Grisoft just distributed its new version, AVG 7.5472, replacing 7.5430. I installed it yesterday and ran it this morning. I have a dual boot system and AVG ran (w/o asking me) from the Win98 system. It found 4 instances of viruses. One of them was SFC.DLL on my Win2K partition. I have 2 separate copies of AVG -- one for each system. I do that with all the security programs because they might not recognize the registry of the other OS.

Anyway, it said that it "healed" the files. That's a quote.

So then I booted to Win2K to get the daily update for AVG there and double check.

B.S.O.D. It said that some file necessary for startup was missing.

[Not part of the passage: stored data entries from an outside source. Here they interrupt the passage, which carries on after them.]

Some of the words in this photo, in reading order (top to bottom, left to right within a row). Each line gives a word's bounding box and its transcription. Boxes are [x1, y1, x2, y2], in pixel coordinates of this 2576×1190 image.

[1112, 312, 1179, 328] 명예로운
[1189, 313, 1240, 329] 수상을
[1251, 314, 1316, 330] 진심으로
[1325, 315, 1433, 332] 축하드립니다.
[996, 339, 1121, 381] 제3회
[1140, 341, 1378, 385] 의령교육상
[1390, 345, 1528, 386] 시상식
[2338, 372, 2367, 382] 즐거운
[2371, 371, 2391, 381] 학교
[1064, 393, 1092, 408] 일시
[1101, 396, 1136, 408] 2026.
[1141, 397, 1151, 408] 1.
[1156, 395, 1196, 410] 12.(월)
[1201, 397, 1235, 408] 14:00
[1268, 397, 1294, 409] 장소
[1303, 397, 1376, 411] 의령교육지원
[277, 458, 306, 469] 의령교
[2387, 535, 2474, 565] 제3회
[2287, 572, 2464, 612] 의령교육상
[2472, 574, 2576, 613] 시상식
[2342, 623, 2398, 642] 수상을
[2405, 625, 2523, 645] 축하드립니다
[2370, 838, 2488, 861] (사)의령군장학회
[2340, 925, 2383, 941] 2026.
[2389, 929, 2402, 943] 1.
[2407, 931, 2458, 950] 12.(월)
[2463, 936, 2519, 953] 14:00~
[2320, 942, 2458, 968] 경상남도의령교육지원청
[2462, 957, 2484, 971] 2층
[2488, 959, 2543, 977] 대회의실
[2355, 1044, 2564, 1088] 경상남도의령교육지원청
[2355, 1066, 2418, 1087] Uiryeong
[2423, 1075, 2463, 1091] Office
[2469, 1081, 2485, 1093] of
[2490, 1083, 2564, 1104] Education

I had to run the basic repair from the product disc to sign on. That meant that any missing files were replaced by the originals from the 2003 disc. Then I updated AVG and ran a scan on the Win2K partition. Again, it "healed" SFC.DLL. Suspicious, I checked. No, it did not heal it, it simply deleted the entire file.

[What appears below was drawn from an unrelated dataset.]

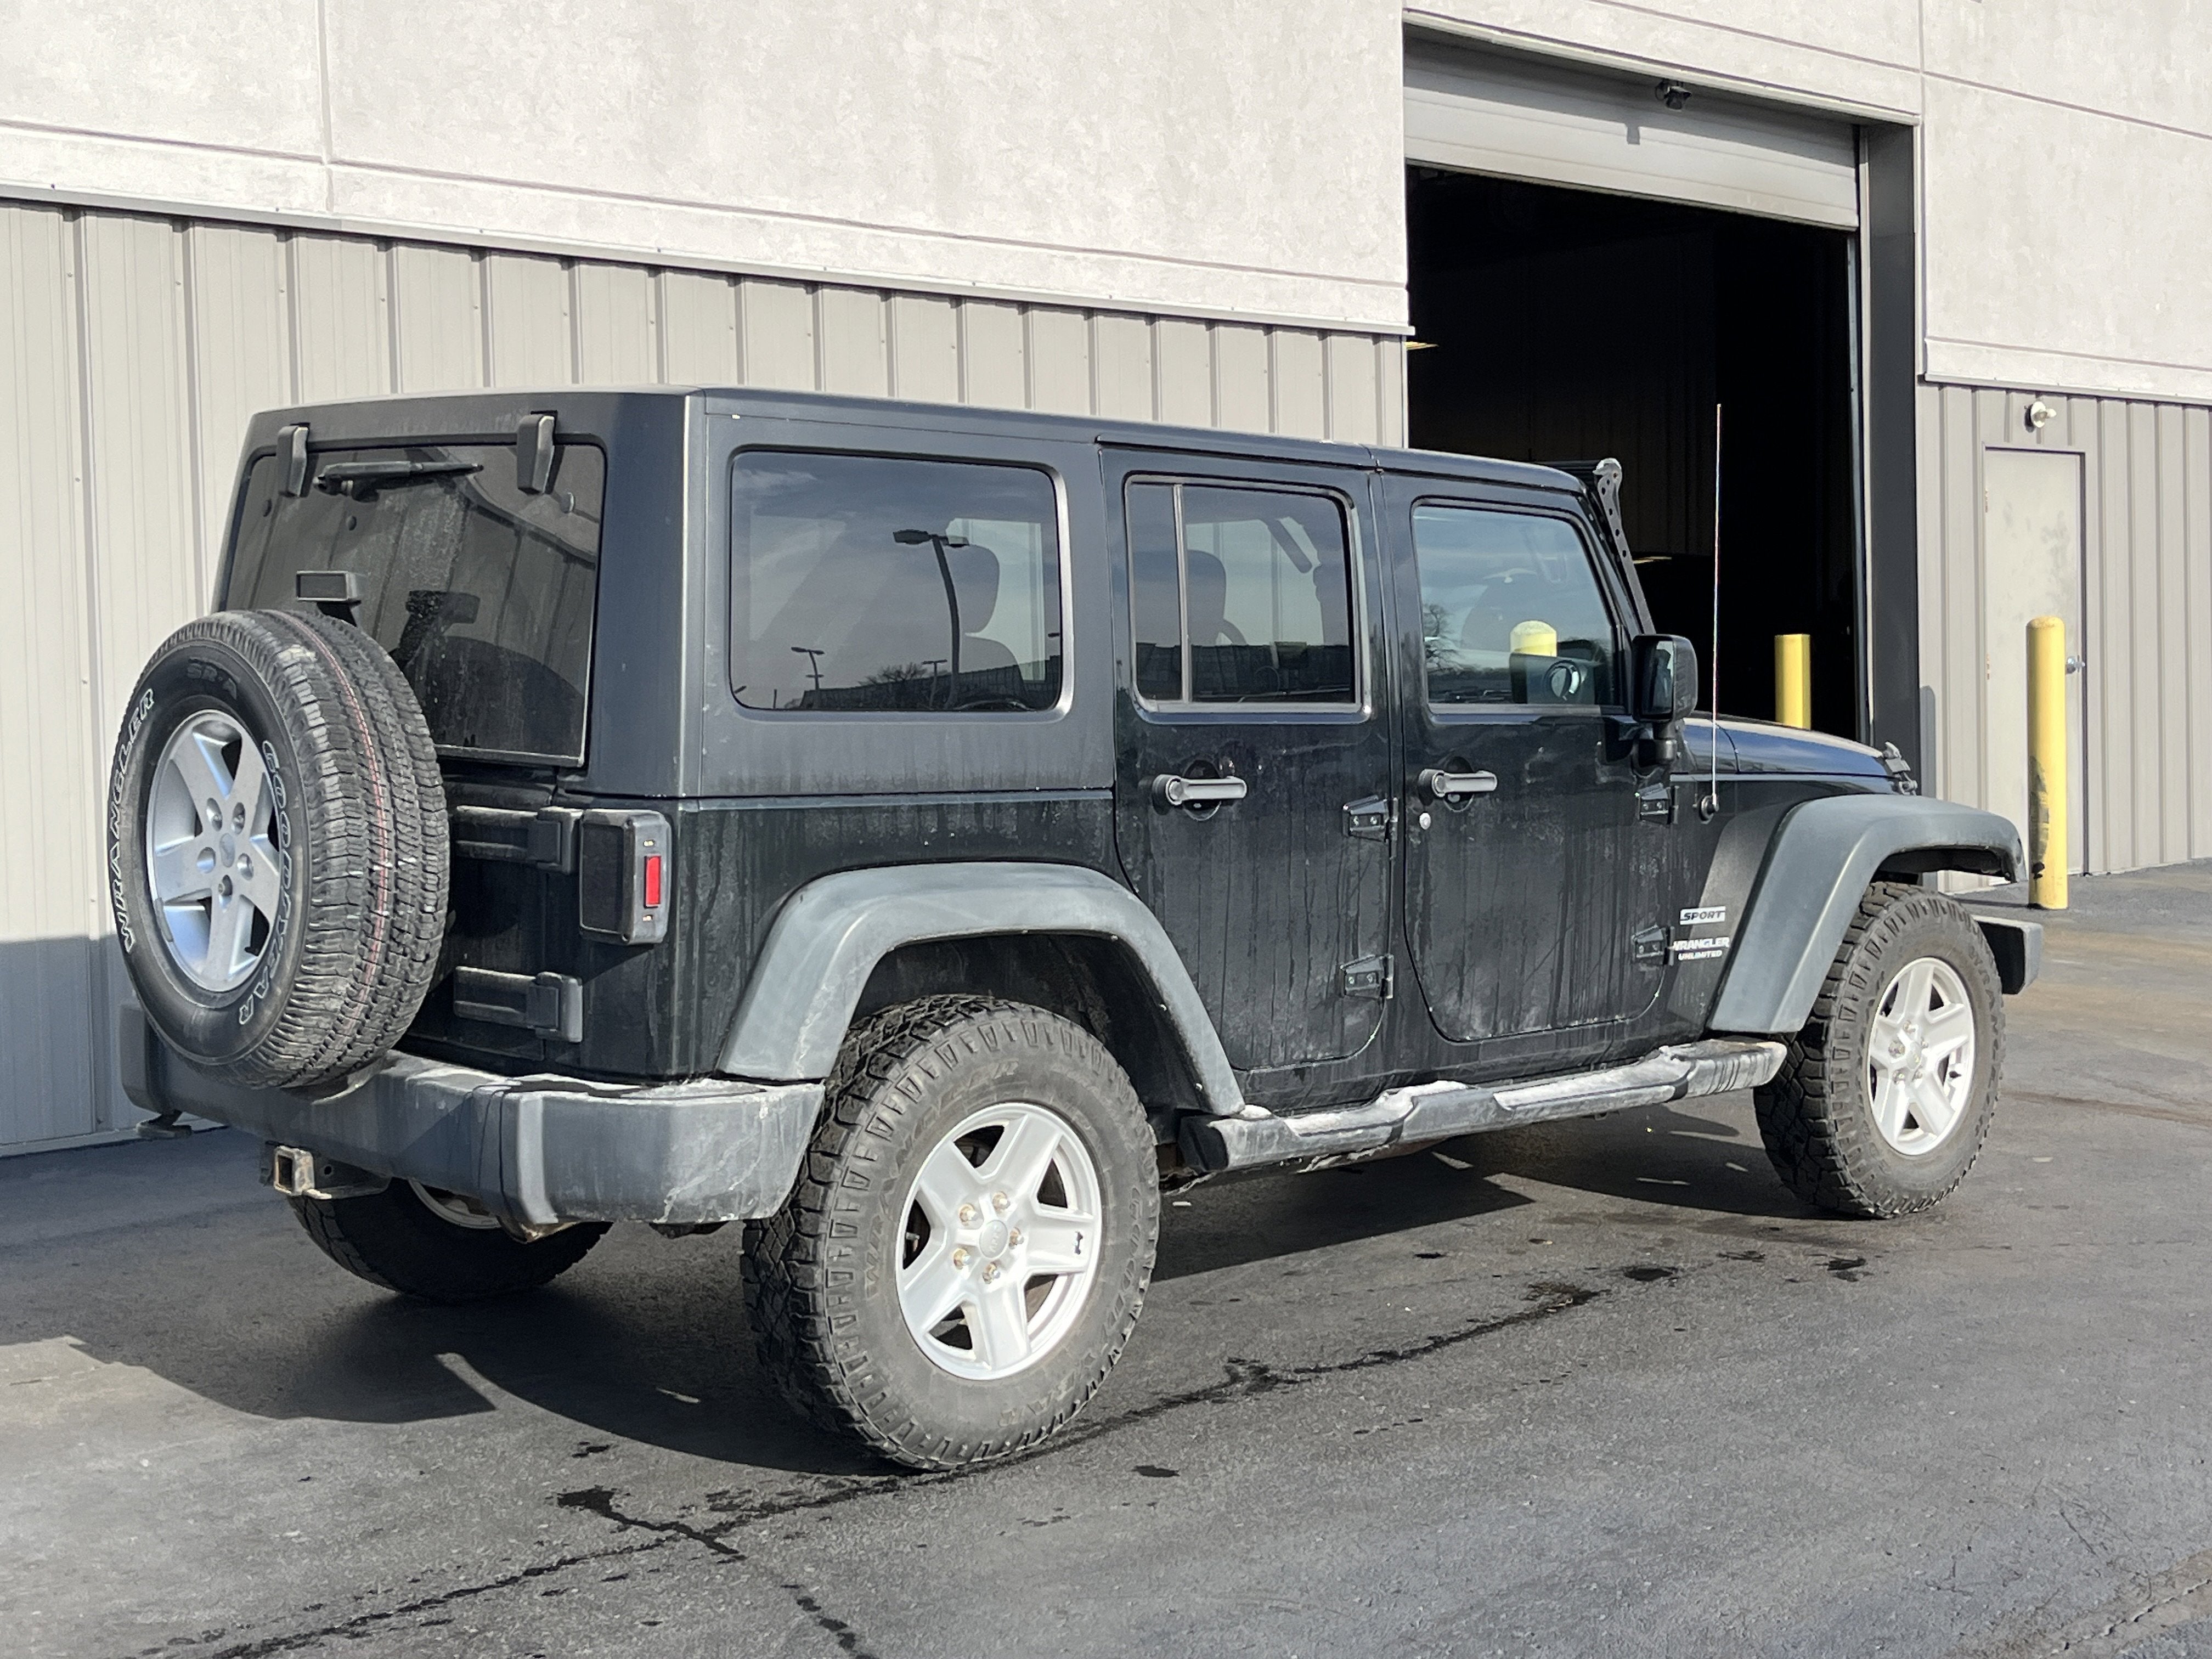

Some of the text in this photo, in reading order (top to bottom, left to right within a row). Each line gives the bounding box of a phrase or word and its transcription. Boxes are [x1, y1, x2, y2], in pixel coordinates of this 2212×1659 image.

[110, 689, 155, 953] WRANGLER
[238, 740, 292, 1025] GOODYEAR
[1683, 911, 1724, 921] SPORT

Ad-Aware has a feature that you can tell it not to reexamine a file which gives a false positive and it clearly tells you whether the file can be healed and asks you if you want to delete it. AVG bulldozes ahead and "fixes" things automatically.

I copied SFC.DL_ from the I386 folder on the product disc and went to command level and used the EXPAND.EXE utility to decompress that to SFC.DLL in the WINNT\System32 folder.

Now, yesterday I had a boot problem (from a different and known cause that would be TMI at this point) and ran the entire repair utility on Win2K. So the SFC.DLL was both times the program from the CD.

AVG is giving a false positive for this file. It thinks the original SFC.DLL has the signature for Trojan horse PSW.Banker.WQP. And it has a disastrous solution.